Collection entries:
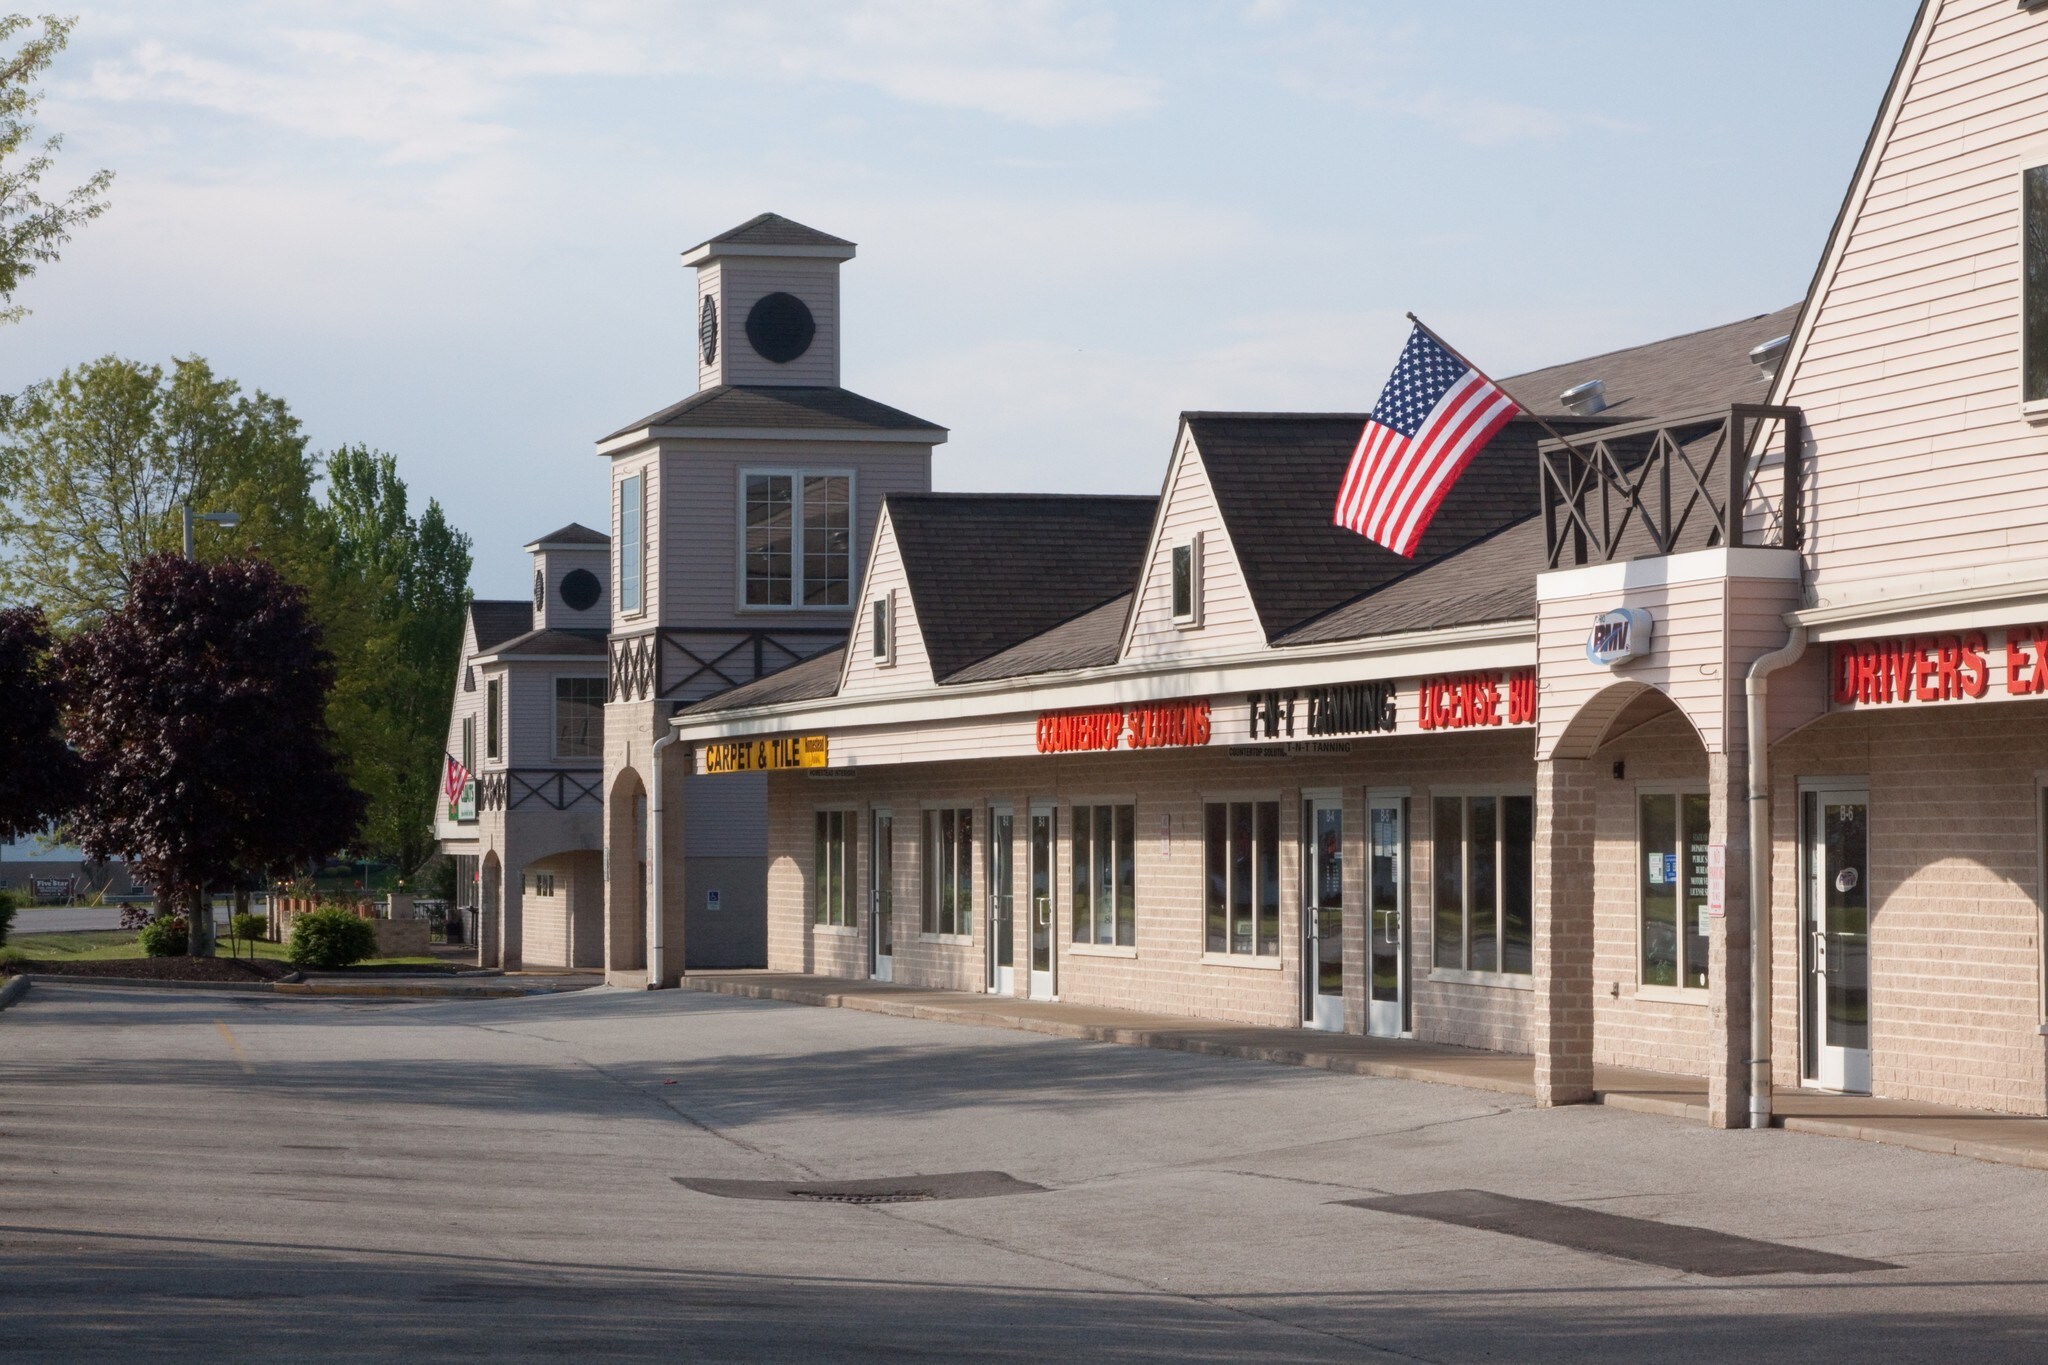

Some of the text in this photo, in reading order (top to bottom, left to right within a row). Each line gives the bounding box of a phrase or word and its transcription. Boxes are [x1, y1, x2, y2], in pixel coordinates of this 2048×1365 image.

[1593, 621, 1629, 653] BMV
[1834, 630, 1990, 704] DRIVERS
[1247, 681, 1397, 739] T-N-T TANNING
[1419, 673, 1502, 730] LICENSE
[1036, 699, 1211, 754] COUNTERTOP SOLUTIONS
[1286, 742, 1351, 752] T-N-T TANNING
[706, 741, 753, 772] CARPET
[758, 741, 767, 769] &
[772, 738, 800, 768] TILE
[1840, 805, 1854, 821] B-6

[ASSIGNMENT] All the records need to be repeated exactly, with the images dropped.

[RESPONSE AREA]
Some of the text in this photo, in reading order (top to bottom, left to right within a row). Each line gives the bounding box of a phrase or word and its transcription. Boxes are [x1, y1, x2, y2], in pixel coordinates of this 2048×1365 image.

[1593, 621, 1629, 653] BMV
[1834, 630, 1990, 704] DRIVERS
[1247, 681, 1397, 739] T-N-T TANNING
[1419, 673, 1502, 730] LICENSE
[1036, 699, 1211, 754] COUNTERTOP SOLUTIONS
[1286, 742, 1351, 752] T-N-T TANNING
[706, 741, 753, 772] CARPET
[758, 741, 767, 769] &
[772, 738, 800, 768] TILE
[1840, 805, 1854, 821] B-6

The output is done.